> [Task to carry out]:
Pictures aside, repeat all the entries below exactly as they appear.

*** Block opens ***

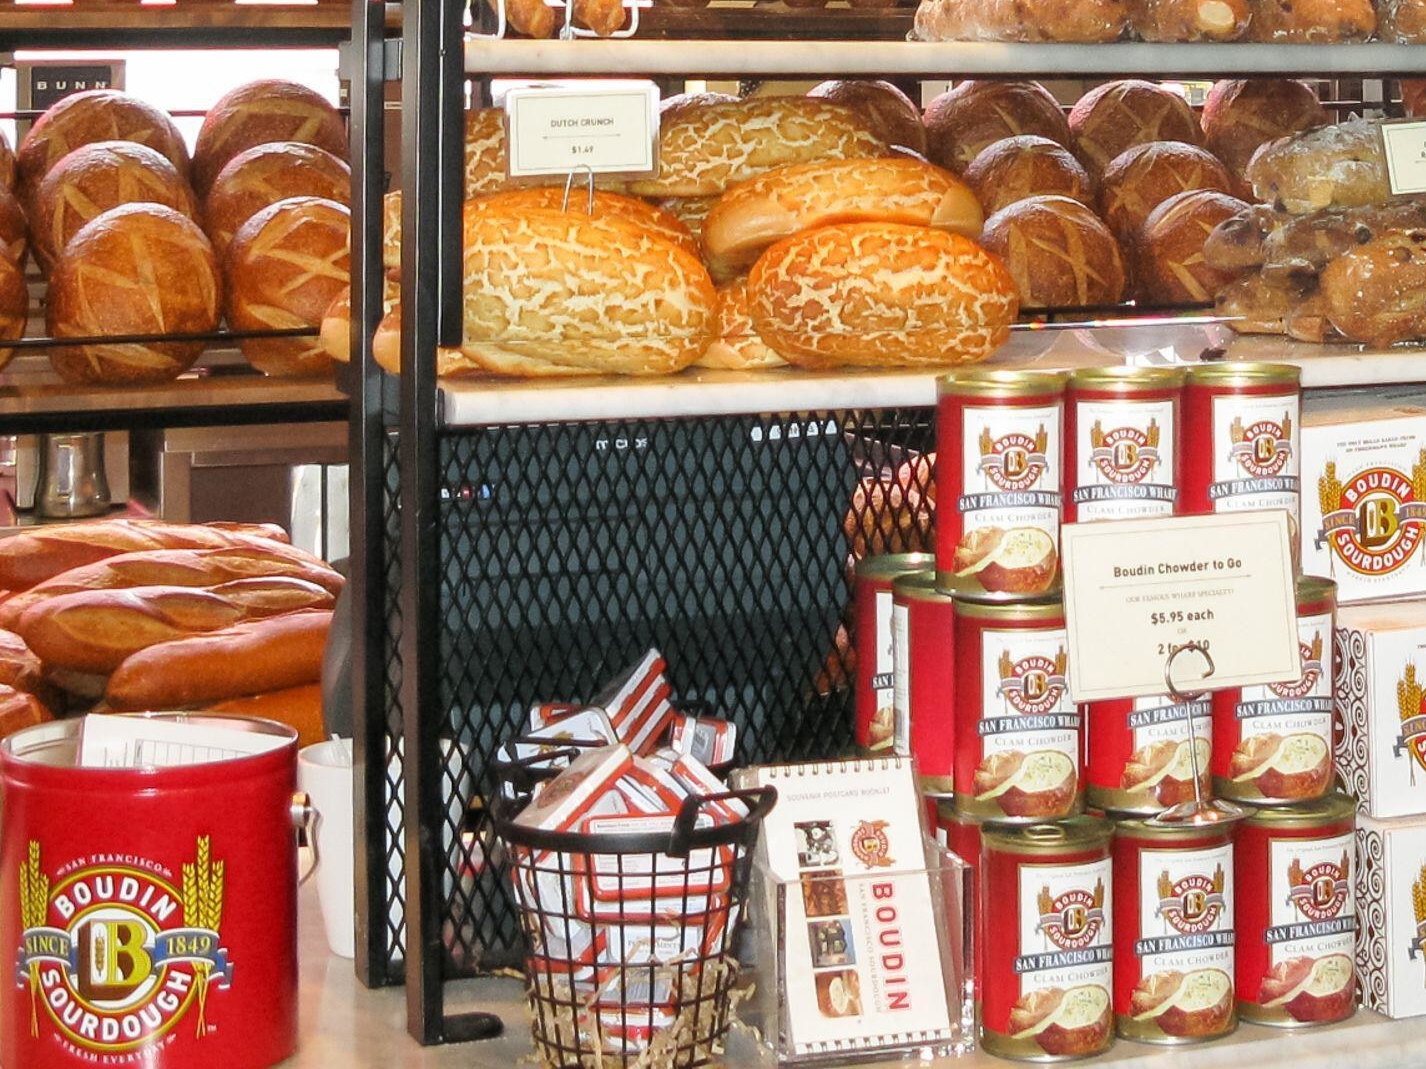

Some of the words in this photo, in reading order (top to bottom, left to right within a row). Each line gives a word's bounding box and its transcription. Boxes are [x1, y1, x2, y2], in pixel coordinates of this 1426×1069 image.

[36, 80, 107, 90] BUNN
[550, 119, 578, 128] DUTCH
[580, 117, 614, 127] CRUNCH
[571, 145, 594, 154] $1.49
[994, 436, 1036, 452] BOUDIN
[1105, 429, 1145, 445] BOUDIN
[989, 466, 1039, 491] SOURDOUGH
[1100, 459, 1150, 482] SOURDOUGH
[1073, 489, 1090, 502] SAN
[1091, 485, 1147, 501] FRANCISCO
[1210, 484, 1228, 498] SAN
[1231, 479, 1283, 494] FRANCISCO
[1344, 472, 1411, 503] BOUDIN
[959, 495, 978, 510] SAN
[979, 492, 1036, 508] FRANCISCO
[1337, 526, 1419, 570] SOURDOUGH
[1113, 564, 1155, 578] Boudin
[1157, 560, 1209, 574] Chowder
[1213, 560, 1224, 570] to
[1227, 557, 1242, 569] Go
[1151, 611, 1184, 625] $5.95
[1187, 609, 1214, 622] each
[1158, 643, 1165, 655] 2
[1014, 658, 1055, 674] BOUDIN
[873, 676, 888, 687] SAN
[1009, 688, 1059, 713] SOURDOUGH
[1236, 703, 1254, 717] SAN
[1257, 699, 1312, 715] FRANCISCO
[979, 720, 997, 734] SAN
[999, 715, 1056, 731] FRANCISCO
[1129, 712, 1151, 727] SAN
[994, 736, 1025, 746] CLAM
[1028, 734, 1072, 746] CHOWDER
[65, 856, 87, 871] SAN
[92, 853, 162, 873] FRANCISCO
[54, 875, 178, 922] BOUDIN
[1055, 892, 1093, 910] BOUDIN
[1168, 906, 1217, 933] SOURDOUGH
[1266, 928, 1287, 942] SAN
[1290, 919, 1342, 939] FRANCISCO
[25, 934, 69, 956] SINCE
[167, 935, 211, 955] 1849
[873, 883, 909, 1012] BOUDIN
[1136, 940, 1156, 954] SAN
[1158, 933, 1214, 952] FRANCISCO
[1016, 957, 1038, 971] SAN
[1039, 950, 1095, 969] FRANCISCO
[42, 968, 192, 1042] SOURDOUGH
[62, 1040, 98, 1063] FRESH
[103, 1039, 167, 1064] EVERYDAY
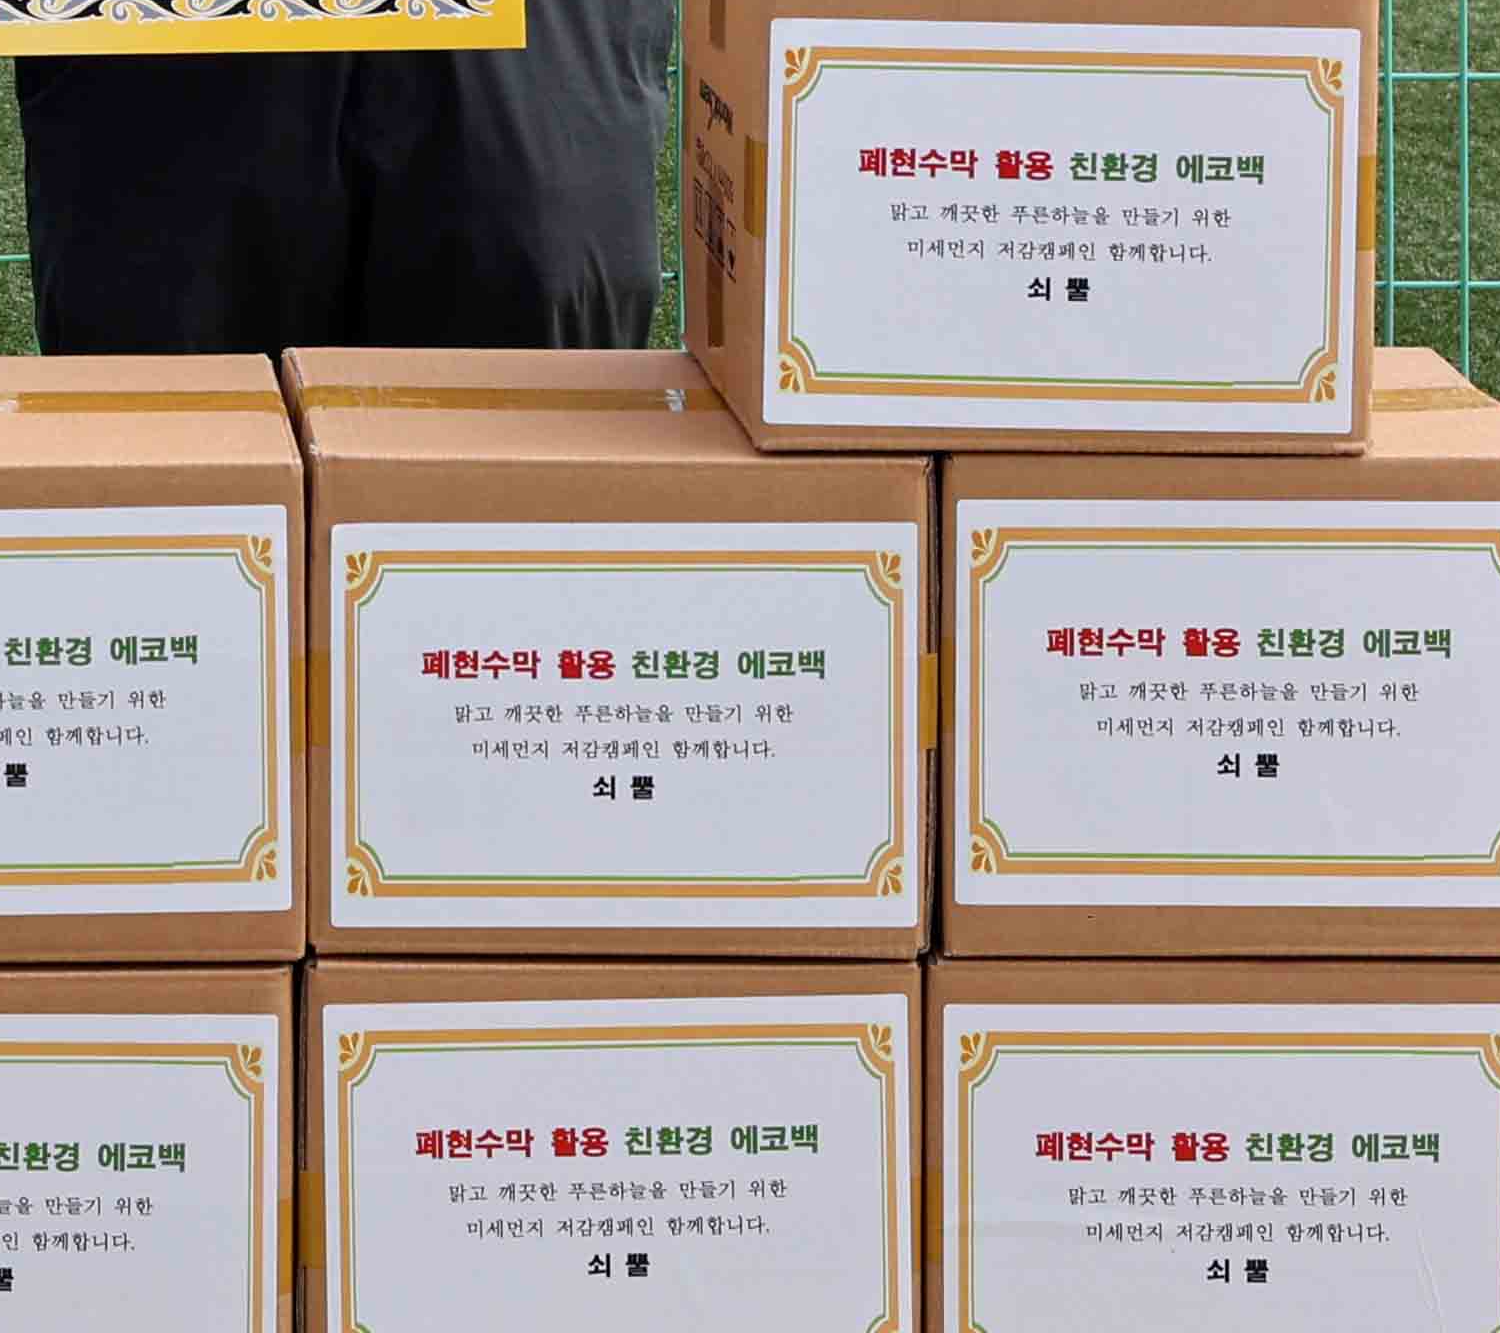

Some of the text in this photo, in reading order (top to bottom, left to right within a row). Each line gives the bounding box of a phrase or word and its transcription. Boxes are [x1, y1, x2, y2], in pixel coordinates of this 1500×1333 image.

[858, 146, 1265, 185] 폐현수막 활용 친환경 에코백
[890, 202, 1231, 228] 맑고 깨끗한 푸른하늘을 만들기 위한
[907, 238, 1212, 264] 미세먼지 저감캠페인 함께합니다.
[3, 636, 92, 667] 친환경
[109, 634, 198, 666] 에코백
[1045, 627, 1451, 659] 폐현수막 활용 친환경 에코백
[421, 649, 825, 681] 폐현수막 활용 친환경 에코백
[57, 690, 114, 710] 만들기
[127, 689, 166, 710] 위한
[45, 725, 149, 747] 함께합니다.
[97, 1142, 186, 1174] 에코백
[415, 1124, 819, 1160] 폐현수막 활용 친환경 에코백
[1035, 1131, 1440, 1163] 폐현수막 활용 친환경 에코백
[1068, 1185, 1409, 1207] 맑고 깨끗한 푸른하늘을 만들기 위한
[1085, 1222, 1390, 1244] 미세먼지 저감캠페인 함께합니다.
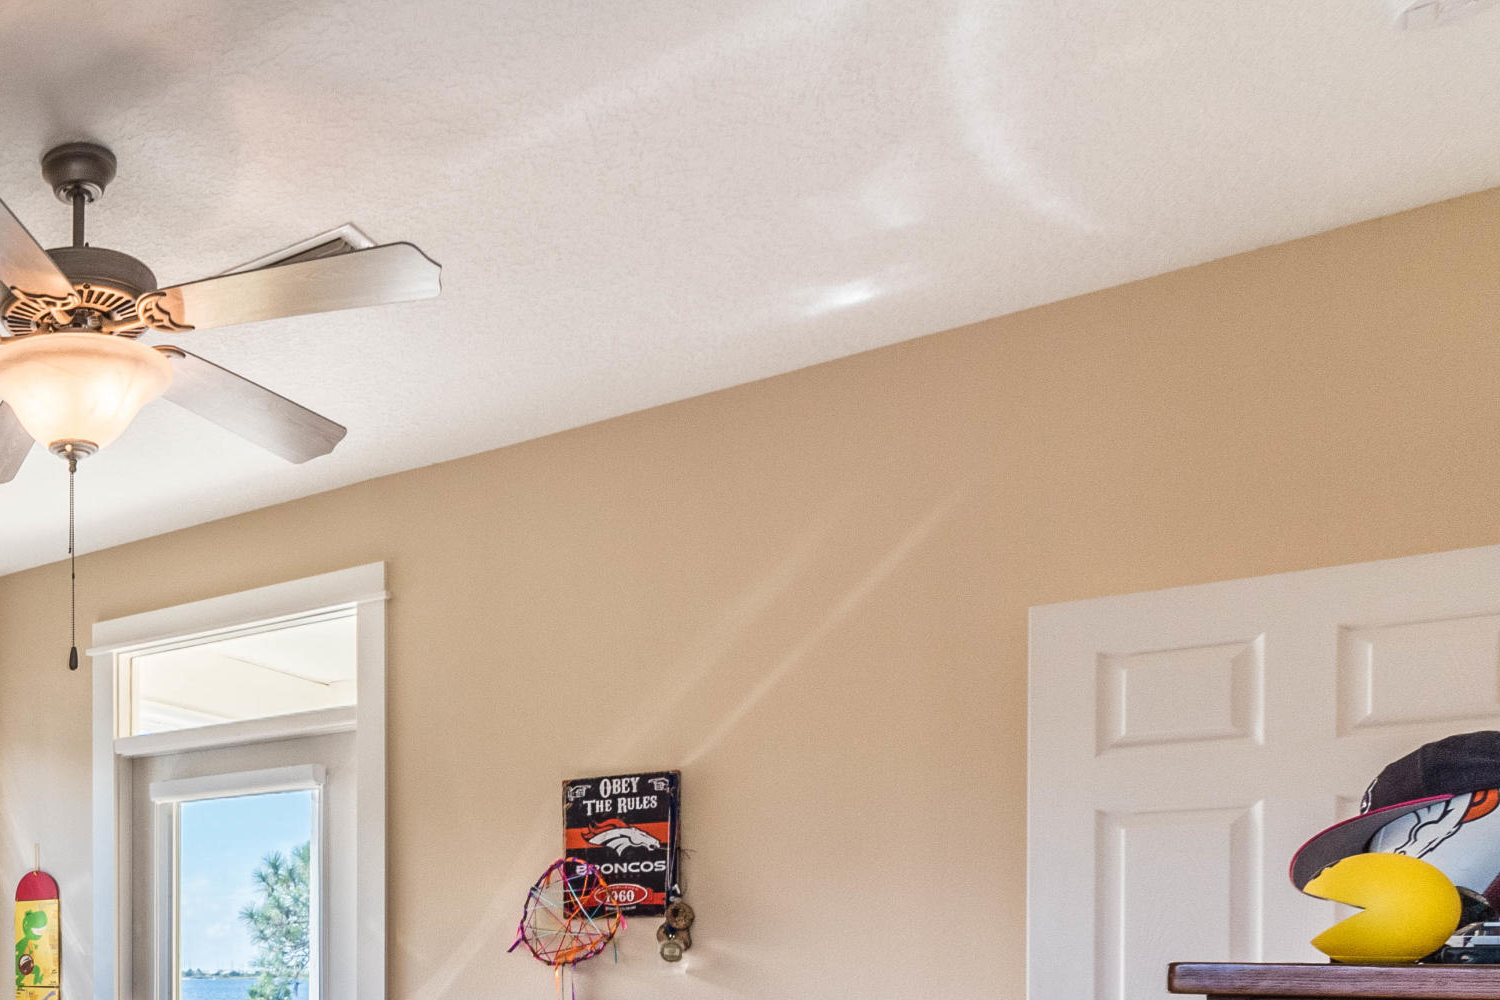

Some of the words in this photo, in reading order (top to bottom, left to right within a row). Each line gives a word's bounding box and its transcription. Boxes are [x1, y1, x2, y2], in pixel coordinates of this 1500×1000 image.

*** Block closes ***

> [Solution to this task]:
Some of the words in this photo, in reading order (top to bottom, left to right within a row). Each line gives a word's bounding box and its transcription. Boxes are [x1, y1, x2, y2], in pixel coordinates of this 1426×1069 image.

[36, 80, 107, 90] BUNN
[550, 119, 578, 128] DUTCH
[580, 117, 614, 127] CRUNCH
[571, 145, 594, 154] $1.49
[994, 436, 1036, 452] BOUDIN
[1105, 429, 1145, 445] BOUDIN
[989, 466, 1039, 491] SOURDOUGH
[1100, 459, 1150, 482] SOURDOUGH
[1073, 489, 1090, 502] SAN
[1091, 485, 1147, 501] FRANCISCO
[1210, 484, 1228, 498] SAN
[1231, 479, 1283, 494] FRANCISCO
[1344, 472, 1411, 503] BOUDIN
[959, 495, 978, 510] SAN
[979, 492, 1036, 508] FRANCISCO
[1337, 526, 1419, 570] SOURDOUGH
[1113, 564, 1155, 578] Boudin
[1157, 560, 1209, 574] Chowder
[1213, 560, 1224, 570] to
[1227, 557, 1242, 569] Go
[1151, 611, 1184, 625] $5.95
[1187, 609, 1214, 622] each
[1158, 643, 1165, 655] 2
[1014, 658, 1055, 674] BOUDIN
[873, 676, 888, 687] SAN
[1009, 688, 1059, 713] SOURDOUGH
[1236, 703, 1254, 717] SAN
[1257, 699, 1312, 715] FRANCISCO
[979, 720, 997, 734] SAN
[999, 715, 1056, 731] FRANCISCO
[1129, 712, 1151, 727] SAN
[994, 736, 1025, 746] CLAM
[1028, 734, 1072, 746] CHOWDER
[65, 856, 87, 871] SAN
[92, 853, 162, 873] FRANCISCO
[54, 875, 178, 922] BOUDIN
[1055, 892, 1093, 910] BOUDIN
[1168, 906, 1217, 933] SOURDOUGH
[1266, 928, 1287, 942] SAN
[1290, 919, 1342, 939] FRANCISCO
[25, 934, 69, 956] SINCE
[167, 935, 211, 955] 1849
[873, 883, 909, 1012] BOUDIN
[1136, 940, 1156, 954] SAN
[1158, 933, 1214, 952] FRANCISCO
[1016, 957, 1038, 971] SAN
[1039, 950, 1095, 969] FRANCISCO
[42, 968, 192, 1042] SOURDOUGH
[62, 1040, 98, 1063] FRESH
[103, 1039, 167, 1064] EVERYDAY

Some of the text in this photo, in reading order (top to bottom, left to right within a row). Each line gives the bounding box of a phrase or word and its transcription. Boxes are [x1, y1, x2, y2], in pixel coordinates of this 1500×1333 image.

[858, 146, 1265, 185] 폐현수막 활용 친환경 에코백
[890, 202, 1231, 228] 맑고 깨끗한 푸른하늘을 만들기 위한
[907, 238, 1212, 264] 미세먼지 저감캠페인 함께합니다.
[3, 636, 92, 667] 친환경
[109, 634, 198, 666] 에코백
[1045, 627, 1451, 659] 폐현수막 활용 친환경 에코백
[421, 649, 825, 681] 폐현수막 활용 친환경 에코백
[57, 690, 114, 710] 만들기
[127, 689, 166, 710] 위한
[45, 725, 149, 747] 함께합니다.
[97, 1142, 186, 1174] 에코백
[415, 1124, 819, 1160] 폐현수막 활용 친환경 에코백
[1035, 1131, 1440, 1163] 폐현수막 활용 친환경 에코백
[1068, 1185, 1409, 1207] 맑고 깨끗한 푸른하늘을 만들기 위한
[1085, 1222, 1390, 1244] 미세먼지 저감캠페인 함께합니다.

Some of the words in this photo, in reading order (top to bottom, left to right within a row). Each line gives a word's bounding box and its transcription. Boxes are [x1, y1, x2, y2], in pixel coordinates of this 1500×1000 image.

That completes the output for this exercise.